Failing to challenge, follow-up on, and appeal any adverse audit determinations can be very detrimental. An error rate in excess of fifteen percent (15%) will usually result in the provider being placed on prepayment review. While on prepayment review, the provider will be required to submit the documentation for medical records by mail to support each claim submitted and have that claim and its supporting medical records’ documentation audited, prior to any claims being paid. Often the auditing agency will come back to the provider again and again to demand additional information and documentation on claims instead of immediately processing them. This can hold up processing of the claim for months. Often the resulting termination of income flow will force the provider out of business. This saves the government lots of money, because the provider has then provided services to Medicare or Medicaid recipients for many months without ever getting paid for it.

These are some of the reasons why we recommend that physicians, physical therapists, occupational therapists, podiatrists, optometrists, psychologists, mental health counselors, respiratory therapists, and others always hire the Board Certified Health Law Attorney experienced in audits from the very beginning.

A Real-Life Example of the Trouble Caused by a Medicare Audit.

In one case we know of, a therapist was audited by Medicare. The audit by the Medicare administrative contractor (MAC) requested only 30 records. The therapist provided copies of the records he thought the auditors wanted. He did not number the pages or keep an exact copy of what he provided. The MAC came back and denied one percent (1%) of the claims audited. However, since the amount demanded back by the MAC was only a few thousand dollars, the therapist never hired an attorney and never challenged the results. Instead of retaining legal counsel and appealing the results, the therapist paid the entire amount, thinking that was the easy way out.

Unfortunately, because of the high error rate, the MAC immediately placed the therapist on prepayment review of all claims, assuming the prior audit had disclosed fraud or intentional false coding. Every claim the provider submitted from that point on had to be submitted on paper with supporting medical records sent in by mail. The MAC refused to make a decision on any of the claims, instead, holding them and requesting additional documentation and information from time to time. The therapist currently has most of his claims tied up in prepayment review, some for as long as five months with no decision. No decision means no review or appeal rights.

The therapist conveyed to me that he recently contacted the auditor to attempt to obtain decisions on some of his claims so that he could at least begin the appeal process if the claims are denied. He advised me that the auditor at the MAC expressed surprise that he was still in business.

Challenge Improperly Denied or Reduced Claims.
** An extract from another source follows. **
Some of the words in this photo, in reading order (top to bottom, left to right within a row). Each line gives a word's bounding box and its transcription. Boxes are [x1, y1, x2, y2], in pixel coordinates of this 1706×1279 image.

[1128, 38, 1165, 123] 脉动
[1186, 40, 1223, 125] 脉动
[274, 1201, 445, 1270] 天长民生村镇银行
These situations are very unfair and unjust, especially to smaller health care providers. The reduced cash flow even for a month or two may be enough to drive some small providers out of business. Larger health care providers have vast resources sufficient to handle such audit situations on a routine basis. They may have similar problems but are better equipped and have more resources to promptly handle it. Rather than immediately pay whatever amount is demanded on an audit and waive any appeal/review rights, the provider should review each claim denied or reduced and challenge the ones that have been improperly denied or reduced. Otherwise you may wind up with a high error rate which will cause you to be placed into prepayment review. Once placed in prepayment review, it is difficult to get out of it. Often it takes six months or longer.

Don’t Get Caught Up in the Audit Cycle.

Another reason to challenge overpayment demands as a result of an audit is because the audit contractors will keep you on an audit cycle for a number of future audits if they are successful in obtaining any sort of significant recovery from you on the initial audit. This is similar to what happens if your tax return is audited by the Internal Revenue Service (IRS) recovers a significant payment from you because you did not have the documentation to support your deductions, you can expect to be audited for at least the next two years.
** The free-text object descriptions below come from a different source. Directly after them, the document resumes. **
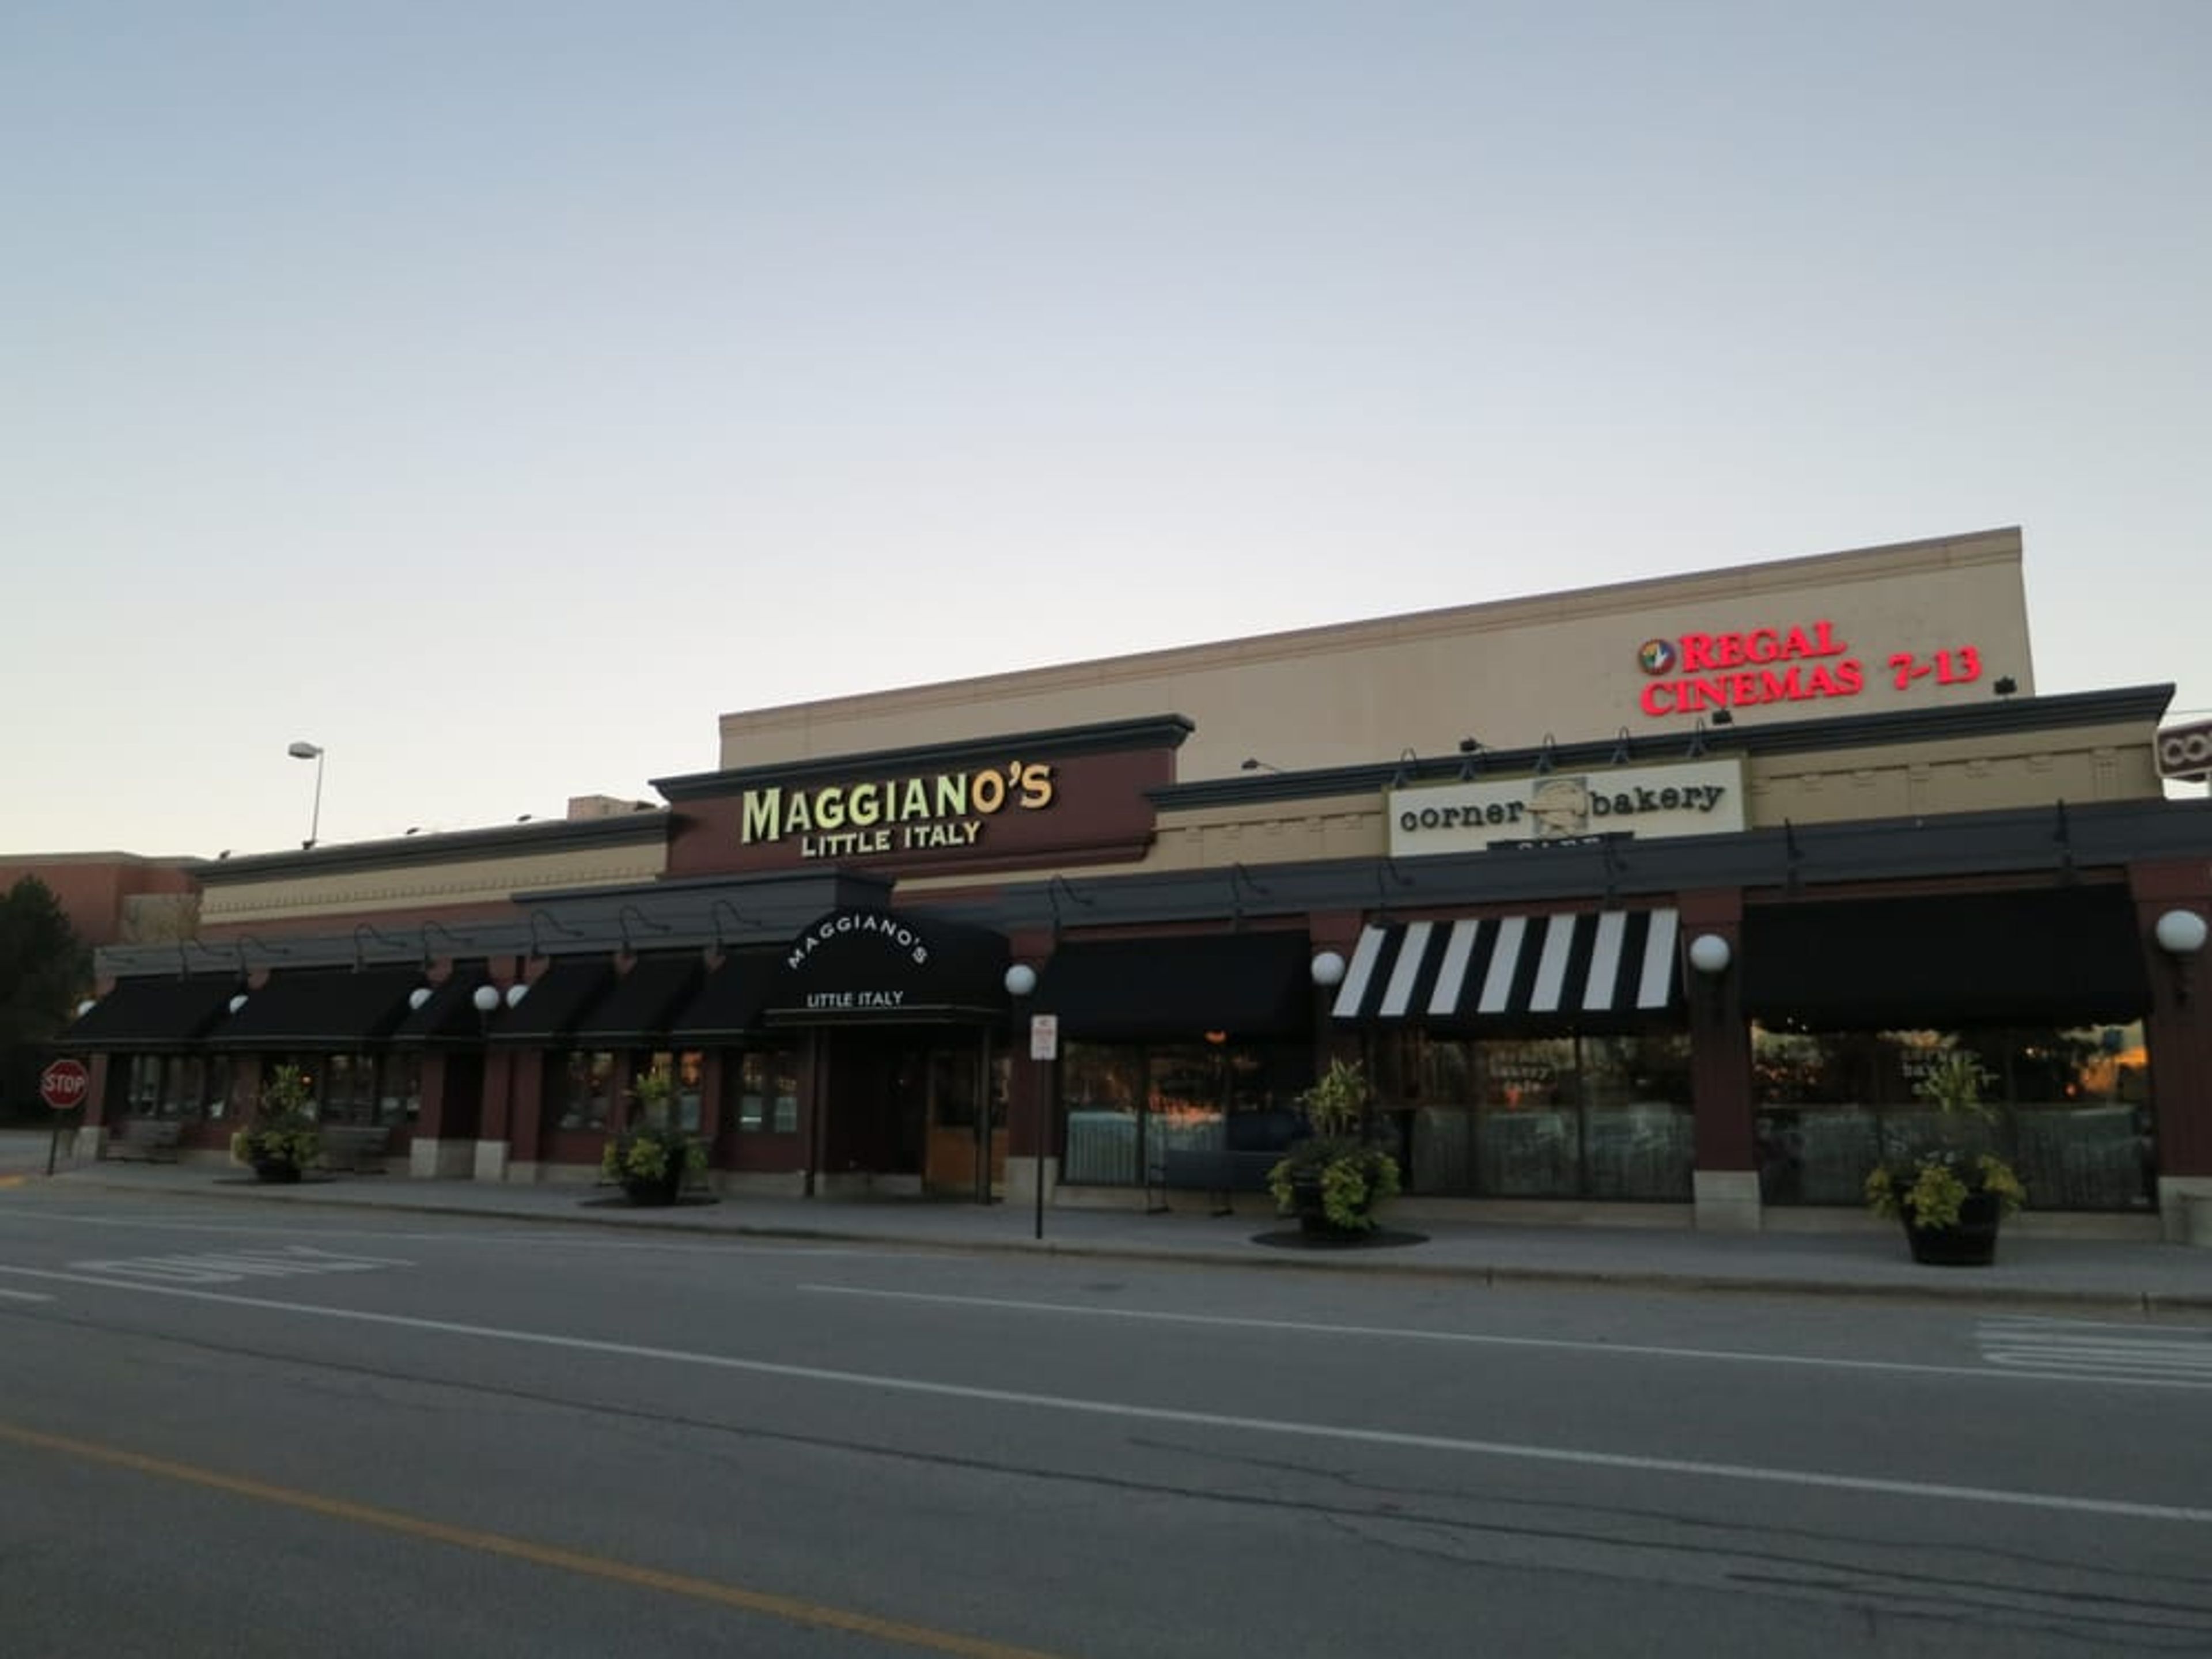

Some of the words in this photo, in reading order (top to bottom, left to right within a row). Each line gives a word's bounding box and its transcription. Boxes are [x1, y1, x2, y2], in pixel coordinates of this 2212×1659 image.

[1679, 620, 1847, 673] REGAL
[1639, 658, 1863, 715] CINEMAS
[1888, 646, 1982, 690] 7-13
[742, 761, 1053, 843] MAGGIANO'S
[1400, 800, 1525, 832] corner
[1589, 785, 1726, 817] bakery
[801, 830, 891, 857] LITTLE
[904, 821, 981, 849] ITALY
[787, 914, 928, 969] MAGGIANO'S
[807, 993, 853, 1008] LITTLE
[858, 991, 904, 1006] ITALY
[45, 1074, 85, 1093] STOP
The value of competent legal representation at the beginning of an audit cannot be overestimated. It is usually long after the audit is over, and the time to appeal the audit agency’s findings has passed, that the health care provider realizes he should have retained an audit consultation.

Don’t Wait Until It’s Too Late; Consult with a Health Law Attorney Experienced in Medicare and Medicaid Issues Now.


The attorneys of The Health Law Firm represent healthcare providers in Medicare audits, ZPIC audits and RAC audits throughout Florida and across the U.S. They also represent physicians, medical groups, nursing homes, home health agencies, pharmacies, hospitals and other healthcare providers and institutions in Medicare and Medicaid investigations, audits, recovery actions and termination from the Medicare or Medicaid Program.

For more information please visit our website at www.TheHealthLawFirm.com or call (407) 331-6620 or (850) 439-1001.

Comments?

Have you ever been audited? What was the process like? Did you retain legal counsel to help with the process? Was having legal assistance worth it? Please leave any thoughtful comments below.

About the Author: George F. Indest III, J.D., M.P.A., LL.M., is Board Certified by The Florida Bar in Health Law. He is the President and Managing Partner of The Health Law Firm, which has a national practice. Its main office is in the Orlando, Florida, area. www.TheHealthLawFirm.com The Health Law Firm, 1101 Douglas Ave., Altamonte Springs, FL 32714, Phone: (407) 331-6620.

“The Health Law Firm” is a registered fictitious business name of George F. Indest III, P.A. – The Health Law Firm, a Florida professional service corporation, since 1999. 

Copyright © 1996-2012 The Health Law Firm. All rights reserved.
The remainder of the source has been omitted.